• Prompt:
Go through the data below and retype all of it exactly.

• Information shown:
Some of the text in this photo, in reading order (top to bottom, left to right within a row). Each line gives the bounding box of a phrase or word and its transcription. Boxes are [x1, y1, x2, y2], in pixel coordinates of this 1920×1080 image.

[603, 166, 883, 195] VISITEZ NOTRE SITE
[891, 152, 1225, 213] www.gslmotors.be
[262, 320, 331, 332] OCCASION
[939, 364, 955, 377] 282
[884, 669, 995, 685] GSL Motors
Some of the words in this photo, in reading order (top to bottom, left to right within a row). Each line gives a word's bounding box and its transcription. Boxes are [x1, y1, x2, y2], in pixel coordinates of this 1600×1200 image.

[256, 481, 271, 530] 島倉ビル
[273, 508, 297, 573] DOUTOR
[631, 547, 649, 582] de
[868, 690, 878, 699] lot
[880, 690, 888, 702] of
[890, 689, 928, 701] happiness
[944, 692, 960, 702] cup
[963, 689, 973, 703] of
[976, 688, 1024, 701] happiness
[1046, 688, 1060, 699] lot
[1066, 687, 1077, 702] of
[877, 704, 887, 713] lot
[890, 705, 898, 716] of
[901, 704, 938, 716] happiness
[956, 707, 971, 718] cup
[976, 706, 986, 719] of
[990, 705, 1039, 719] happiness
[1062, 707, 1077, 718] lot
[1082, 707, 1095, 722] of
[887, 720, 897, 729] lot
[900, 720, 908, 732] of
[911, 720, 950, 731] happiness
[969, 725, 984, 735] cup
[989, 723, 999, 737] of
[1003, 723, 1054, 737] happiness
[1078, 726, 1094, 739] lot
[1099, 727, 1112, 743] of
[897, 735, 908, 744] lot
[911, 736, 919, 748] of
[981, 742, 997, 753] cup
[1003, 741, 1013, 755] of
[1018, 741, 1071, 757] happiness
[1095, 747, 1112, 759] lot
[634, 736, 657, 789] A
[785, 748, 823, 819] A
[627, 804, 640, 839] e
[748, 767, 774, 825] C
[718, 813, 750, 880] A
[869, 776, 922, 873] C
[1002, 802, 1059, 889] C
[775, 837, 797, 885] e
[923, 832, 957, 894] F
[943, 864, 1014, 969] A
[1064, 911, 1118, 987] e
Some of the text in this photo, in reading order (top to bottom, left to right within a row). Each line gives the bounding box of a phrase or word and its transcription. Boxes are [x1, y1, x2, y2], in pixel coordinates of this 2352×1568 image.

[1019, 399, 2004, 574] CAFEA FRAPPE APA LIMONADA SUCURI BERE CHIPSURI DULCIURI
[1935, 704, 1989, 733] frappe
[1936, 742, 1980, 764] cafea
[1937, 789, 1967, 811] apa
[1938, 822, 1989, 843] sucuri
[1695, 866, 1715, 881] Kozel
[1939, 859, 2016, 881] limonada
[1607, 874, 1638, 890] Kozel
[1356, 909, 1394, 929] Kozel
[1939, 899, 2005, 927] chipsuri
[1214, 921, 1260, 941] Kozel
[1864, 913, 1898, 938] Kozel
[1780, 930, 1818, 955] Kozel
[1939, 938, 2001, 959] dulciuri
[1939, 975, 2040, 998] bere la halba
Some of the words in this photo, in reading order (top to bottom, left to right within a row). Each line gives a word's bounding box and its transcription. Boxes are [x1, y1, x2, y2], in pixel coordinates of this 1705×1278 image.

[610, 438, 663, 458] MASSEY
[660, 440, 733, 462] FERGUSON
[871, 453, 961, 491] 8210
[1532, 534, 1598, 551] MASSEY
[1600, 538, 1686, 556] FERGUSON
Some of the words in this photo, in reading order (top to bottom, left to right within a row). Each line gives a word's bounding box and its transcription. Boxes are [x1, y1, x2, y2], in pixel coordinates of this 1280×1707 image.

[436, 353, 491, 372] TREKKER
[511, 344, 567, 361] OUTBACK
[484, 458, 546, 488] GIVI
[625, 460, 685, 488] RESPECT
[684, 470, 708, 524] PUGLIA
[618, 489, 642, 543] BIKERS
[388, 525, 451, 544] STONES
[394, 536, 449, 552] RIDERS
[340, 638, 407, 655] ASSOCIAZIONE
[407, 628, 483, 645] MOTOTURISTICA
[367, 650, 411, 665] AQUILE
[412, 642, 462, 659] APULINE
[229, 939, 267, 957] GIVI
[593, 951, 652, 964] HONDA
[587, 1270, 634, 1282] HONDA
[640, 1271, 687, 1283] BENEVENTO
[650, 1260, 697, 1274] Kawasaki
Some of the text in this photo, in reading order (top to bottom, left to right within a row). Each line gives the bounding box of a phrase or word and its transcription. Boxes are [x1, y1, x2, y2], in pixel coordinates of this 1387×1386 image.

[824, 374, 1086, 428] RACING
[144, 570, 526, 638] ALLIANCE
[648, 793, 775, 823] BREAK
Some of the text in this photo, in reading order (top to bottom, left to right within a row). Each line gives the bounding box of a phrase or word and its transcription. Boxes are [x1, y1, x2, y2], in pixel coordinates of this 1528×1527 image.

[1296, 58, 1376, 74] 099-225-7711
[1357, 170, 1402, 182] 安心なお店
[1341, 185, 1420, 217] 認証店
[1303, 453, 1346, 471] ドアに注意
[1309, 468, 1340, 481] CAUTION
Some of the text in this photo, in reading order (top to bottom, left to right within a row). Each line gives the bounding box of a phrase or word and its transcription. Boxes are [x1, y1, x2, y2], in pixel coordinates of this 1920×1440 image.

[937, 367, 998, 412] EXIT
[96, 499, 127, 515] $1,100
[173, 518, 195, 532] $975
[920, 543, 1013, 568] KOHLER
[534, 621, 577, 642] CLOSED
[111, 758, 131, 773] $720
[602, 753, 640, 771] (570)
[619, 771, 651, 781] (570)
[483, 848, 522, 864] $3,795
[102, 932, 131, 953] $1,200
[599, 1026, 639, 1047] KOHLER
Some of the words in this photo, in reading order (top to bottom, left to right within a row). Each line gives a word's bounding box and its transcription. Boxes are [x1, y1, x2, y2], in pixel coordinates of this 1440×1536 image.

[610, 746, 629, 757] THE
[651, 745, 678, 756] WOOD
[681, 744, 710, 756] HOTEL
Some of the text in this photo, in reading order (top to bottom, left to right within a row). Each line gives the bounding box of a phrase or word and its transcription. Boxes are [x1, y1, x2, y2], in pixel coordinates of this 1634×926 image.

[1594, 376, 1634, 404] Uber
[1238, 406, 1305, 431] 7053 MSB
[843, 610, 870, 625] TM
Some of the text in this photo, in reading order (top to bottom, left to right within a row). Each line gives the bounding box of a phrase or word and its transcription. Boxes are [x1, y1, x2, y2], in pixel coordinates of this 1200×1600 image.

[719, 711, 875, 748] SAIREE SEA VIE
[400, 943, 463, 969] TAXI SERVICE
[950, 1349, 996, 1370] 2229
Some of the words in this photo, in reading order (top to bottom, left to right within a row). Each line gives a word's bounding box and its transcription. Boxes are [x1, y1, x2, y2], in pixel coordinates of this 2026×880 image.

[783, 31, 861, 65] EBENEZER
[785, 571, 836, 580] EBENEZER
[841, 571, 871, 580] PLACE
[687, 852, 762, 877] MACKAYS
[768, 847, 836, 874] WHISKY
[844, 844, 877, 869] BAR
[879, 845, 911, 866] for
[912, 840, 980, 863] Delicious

• Your response:
Some of the text in this photo, in reading order (top to bottom, left to right within a row). Each line gives the bounding box of a phrase or word and its transcription. Boxes are [x1, y1, x2, y2], in pixel coordinates of this 1920×1080 image.

[603, 166, 883, 195] VISITEZ NOTRE SITE
[891, 152, 1225, 213] www.gslmotors.be
[262, 320, 331, 332] OCCASION
[939, 364, 955, 377] 282
[884, 669, 995, 685] GSL Motors
Some of the words in this photo, in reading order (top to bottom, left to right within a row). Each line gives a word's bounding box and its transcription. Boxes are [x1, y1, x2, y2], in pixel coordinates of this 1600×1200 image.

[256, 481, 271, 530] 島倉ビル
[273, 508, 297, 573] DOUTOR
[631, 547, 649, 582] de
[868, 690, 878, 699] lot
[880, 690, 888, 702] of
[890, 689, 928, 701] happiness
[944, 692, 960, 702] cup
[963, 689, 973, 703] of
[976, 688, 1024, 701] happiness
[1046, 688, 1060, 699] lot
[1066, 687, 1077, 702] of
[877, 704, 887, 713] lot
[890, 705, 898, 716] of
[901, 704, 938, 716] happiness
[956, 707, 971, 718] cup
[976, 706, 986, 719] of
[990, 705, 1039, 719] happiness
[1062, 707, 1077, 718] lot
[1082, 707, 1095, 722] of
[887, 720, 897, 729] lot
[900, 720, 908, 732] of
[911, 720, 950, 731] happiness
[969, 725, 984, 735] cup
[989, 723, 999, 737] of
[1003, 723, 1054, 737] happiness
[1078, 726, 1094, 739] lot
[1099, 727, 1112, 743] of
[897, 735, 908, 744] lot
[911, 736, 919, 748] of
[981, 742, 997, 753] cup
[1003, 741, 1013, 755] of
[1018, 741, 1071, 757] happiness
[1095, 747, 1112, 759] lot
[634, 736, 657, 789] A
[785, 748, 823, 819] A
[627, 804, 640, 839] e
[748, 767, 774, 825] C
[718, 813, 750, 880] A
[869, 776, 922, 873] C
[1002, 802, 1059, 889] C
[775, 837, 797, 885] e
[923, 832, 957, 894] F
[943, 864, 1014, 969] A
[1064, 911, 1118, 987] e
Some of the text in this photo, in reading order (top to bottom, left to right within a row). Each line gives the bounding box of a phrase or word and its transcription. Boxes are [x1, y1, x2, y2], in pixel coordinates of this 2352×1568 image.

[1019, 399, 2004, 574] CAFEA FRAPPE APA LIMONADA SUCURI BERE CHIPSURI DULCIURI
[1935, 704, 1989, 733] frappe
[1936, 742, 1980, 764] cafea
[1937, 789, 1967, 811] apa
[1938, 822, 1989, 843] sucuri
[1695, 866, 1715, 881] Kozel
[1939, 859, 2016, 881] limonada
[1607, 874, 1638, 890] Kozel
[1356, 909, 1394, 929] Kozel
[1939, 899, 2005, 927] chipsuri
[1214, 921, 1260, 941] Kozel
[1864, 913, 1898, 938] Kozel
[1780, 930, 1818, 955] Kozel
[1939, 938, 2001, 959] dulciuri
[1939, 975, 2040, 998] bere la halba
Some of the words in this photo, in reading order (top to bottom, left to right within a row). Each line gives a word's bounding box and its transcription. Boxes are [x1, y1, x2, y2], in pixel coordinates of this 1705×1278 image.

[610, 438, 663, 458] MASSEY
[660, 440, 733, 462] FERGUSON
[871, 453, 961, 491] 8210
[1532, 534, 1598, 551] MASSEY
[1600, 538, 1686, 556] FERGUSON
Some of the words in this photo, in reading order (top to bottom, left to right within a row). Each line gives a word's bounding box and its transcription. Boxes are [x1, y1, x2, y2], in pixel coordinates of this 1280×1707 image.

[436, 353, 491, 372] TREKKER
[511, 344, 567, 361] OUTBACK
[484, 458, 546, 488] GIVI
[625, 460, 685, 488] RESPECT
[684, 470, 708, 524] PUGLIA
[618, 489, 642, 543] BIKERS
[388, 525, 451, 544] STONES
[394, 536, 449, 552] RIDERS
[340, 638, 407, 655] ASSOCIAZIONE
[407, 628, 483, 645] MOTOTURISTICA
[367, 650, 411, 665] AQUILE
[412, 642, 462, 659] APULINE
[229, 939, 267, 957] GIVI
[593, 951, 652, 964] HONDA
[587, 1270, 634, 1282] HONDA
[640, 1271, 687, 1283] BENEVENTO
[650, 1260, 697, 1274] Kawasaki
Some of the text in this photo, in reading order (top to bottom, left to right within a row). Each line gives the bounding box of a phrase or word and its transcription. Boxes are [x1, y1, x2, y2], in pixel coordinates of this 1387×1386 image.

[824, 374, 1086, 428] RACING
[144, 570, 526, 638] ALLIANCE
[648, 793, 775, 823] BREAK
Some of the text in this photo, in reading order (top to bottom, left to right within a row). Each line gives the bounding box of a phrase or word and its transcription. Boxes are [x1, y1, x2, y2], in pixel coordinates of this 1528×1527 image.

[1296, 58, 1376, 74] 099-225-7711
[1357, 170, 1402, 182] 安心なお店
[1341, 185, 1420, 217] 認証店
[1303, 453, 1346, 471] ドアに注意
[1309, 468, 1340, 481] CAUTION
Some of the text in this photo, in reading order (top to bottom, left to right within a row). Each line gives the bounding box of a phrase or word and its transcription. Boxes are [x1, y1, x2, y2], in pixel coordinates of this 1920×1440 image.

[937, 367, 998, 412] EXIT
[96, 499, 127, 515] $1,100
[173, 518, 195, 532] $975
[920, 543, 1013, 568] KOHLER
[534, 621, 577, 642] CLOSED
[111, 758, 131, 773] $720
[602, 753, 640, 771] (570)
[619, 771, 651, 781] (570)
[483, 848, 522, 864] $3,795
[102, 932, 131, 953] $1,200
[599, 1026, 639, 1047] KOHLER
Some of the words in this photo, in reading order (top to bottom, left to right within a row). Each line gives a word's bounding box and its transcription. Boxes are [x1, y1, x2, y2], in pixel coordinates of this 1440×1536 image.

[610, 746, 629, 757] THE
[651, 745, 678, 756] WOOD
[681, 744, 710, 756] HOTEL
Some of the text in this photo, in reading order (top to bottom, left to right within a row). Each line gives the bounding box of a phrase or word and its transcription. Boxes are [x1, y1, x2, y2], in pixel coordinates of this 1634×926 image.

[1594, 376, 1634, 404] Uber
[1238, 406, 1305, 431] 7053 MSB
[843, 610, 870, 625] TM
Some of the text in this photo, in reading order (top to bottom, left to right within a row). Each line gives the bounding box of a phrase or word and its transcription. Boxes are [x1, y1, x2, y2], in pixel coordinates of this 1200×1600 image.

[719, 711, 875, 748] SAIREE SEA VIE
[400, 943, 463, 969] TAXI SERVICE
[950, 1349, 996, 1370] 2229
Some of the words in this photo, in reading order (top to bottom, left to right within a row). Each line gives a word's bounding box and its transcription. Boxes are [x1, y1, x2, y2], in pixel coordinates of this 2026×880 image.

[783, 31, 861, 65] EBENEZER
[785, 571, 836, 580] EBENEZER
[841, 571, 871, 580] PLACE
[687, 852, 762, 877] MACKAYS
[768, 847, 836, 874] WHISKY
[844, 844, 877, 869] BAR
[879, 845, 911, 866] for
[912, 840, 980, 863] Delicious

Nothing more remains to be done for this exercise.